Neben den sterbenden Kindern lagen die noch lebenden. Um die musste Yasmin Hiller sich kümmern. "Deshalb war ich in Somalia, und irgendwie habe ich einfach nur funktioniert und immer weiter gemacht", sagt die Krankenschwester. Drei Wochen hat sie im Banadir- Hospital in Mogadischu gearbeitet, sie hat Schreckliches erlebt, aber auch kurze Momente des Glücks. "Wir hatten viel zu wenig Betten für all die Patienten, die zu uns kamen", sagt die 34-Jährige. "Die Mütter lagen mit ihren Kindern auf dem Fußboden, es wurden von Tag zu Tag mehr." Und viele hatten keine Chance. "Aber manchmal erlebten wir ein Wunder, ein kleiner Patient lebte auf, die Freude war riesig." Die sterbenden Kinder, aber auch das glückliche Strahlen der Mütter – diese Bilder gehen Yasmin Hiller nicht mehr aus dem Kopf. Erst vor wenigen Tagen ist sie aus dem afrikanischen Krisengebiet zurückgekehrt.

1977 in Mönchengladbach geboren, wuchs Yasmin Hiller in Wickrath auf und besuchte das Gymnasium an der Gartenstraße. "Ich wusste schon ganz früh, dass ich ins Ausland gehen und helfen will." Sie schloss sich der Organisation Cap Anamur an. 2005/2006 war sie in Liberia, 2008 in Angola. Als sie die schrecklichen Bilder von der Hungerkatastrophe am Horn von Afrika sah, ahnte sie nicht, dass sie schon bald nach Somalia reisen würde. Dann kam der Anruf von der Hilfsorganisation. "Eigentlich hatte ich für dieses Jahr eine ganz andere Art von Jahresurlaub ins Auge gefasst", sagt sie. Sie änderte ihre Pläne, und das tat auch die Station im städtischen Krankenhaus Köln, wo sie als Krankenschwester arbeitet. Nach ihrer Frühschicht – an einem Dienstag – flog sie nach Afrika.

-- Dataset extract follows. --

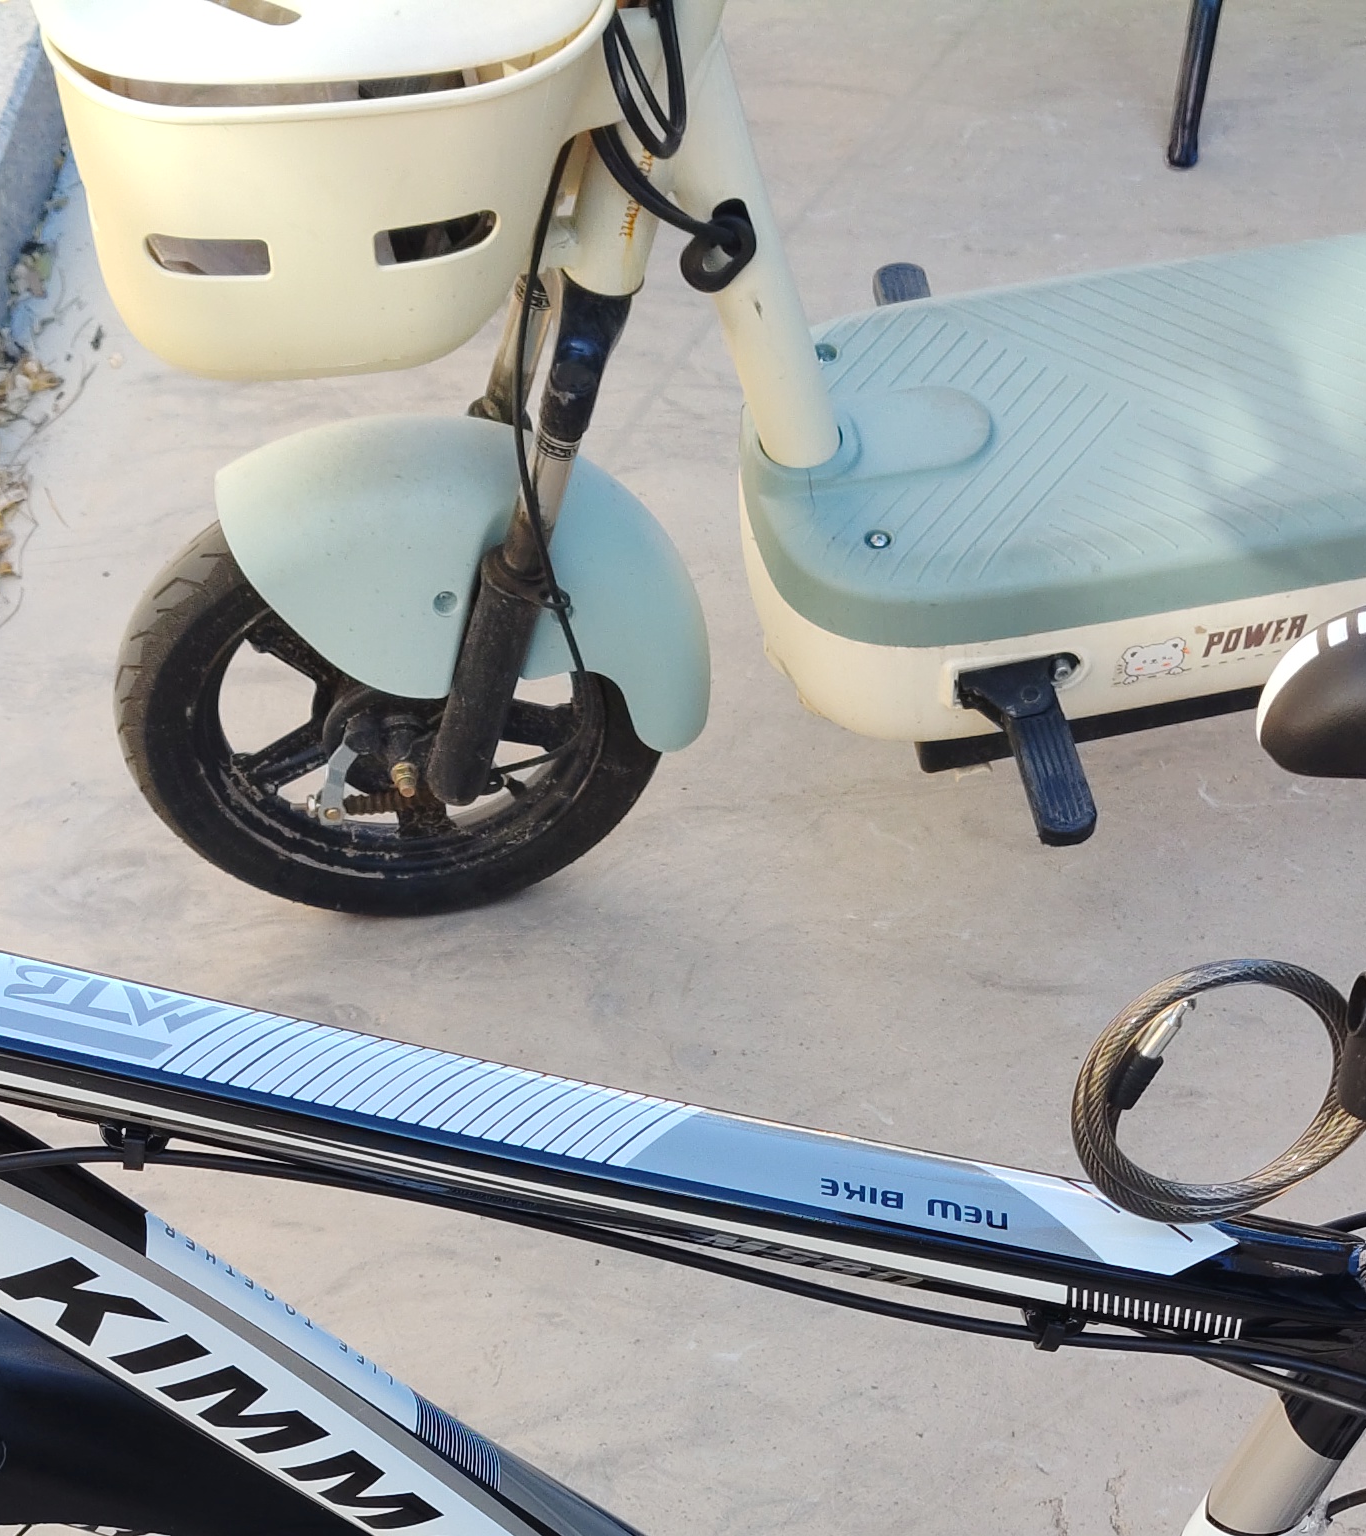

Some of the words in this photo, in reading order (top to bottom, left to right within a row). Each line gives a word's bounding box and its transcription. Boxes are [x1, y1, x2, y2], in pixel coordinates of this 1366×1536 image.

Im Krankenhaus erwarteten sie nicht nur unterernährte, kranke Kinder, sondern auch eine große Herausforderung. "Es gab keinerlei Strukturen, niemand wusste, welcher Patient bereits behandelt worden war und wer welche Medizin bekommen hatte, es fehlte jegliche Dokumentation darüber", berichtet die Krankenschwester. Mit ihren Kollegen schuf sie ein leicht zu handhabendes System der Patientenerfassung. Eine somalische Schwesternschülerin half bei der Verständigung.

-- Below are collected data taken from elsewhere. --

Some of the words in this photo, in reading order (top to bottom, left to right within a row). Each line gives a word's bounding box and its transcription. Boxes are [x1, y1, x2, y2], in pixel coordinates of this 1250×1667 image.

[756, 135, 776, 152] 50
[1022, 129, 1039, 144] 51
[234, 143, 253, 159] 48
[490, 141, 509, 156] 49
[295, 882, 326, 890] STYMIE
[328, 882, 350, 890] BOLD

Tagsüber arbeitete Yasmin Hiller auf der Station, wo die unterernährten Kinder behandelt wurden. "Es ist kaum fassbar, wenn ein sechs Monate altes Baby gebracht wird, das kaum zwei Kilogramm wiegt – wie bei uns ein Neugeborenes", sagt sie. Tagsüber arbeitete sie hart, nachts kam sie nicht zur Ruhe. "Wir lebten auf dem Krankenhausgelände und waren durch eine hohe Mauer geschützt." Die konnte nicht verhindern, dass die 34-Jährige die Schüsse und Detonationen in der Stadt hörte. "Ich habe keine Nacht durchgeschlafen", sagt sie.

Jetzt versucht sie, die Bilder zu verarbeiten. "Aber ich hole auch Schlaf nach." Ob sie noch einmal zurückkehrt nach Somalia? "Ich brauche jetzt erst einmal viel Ruhe, aber dann – ja", sagt sie.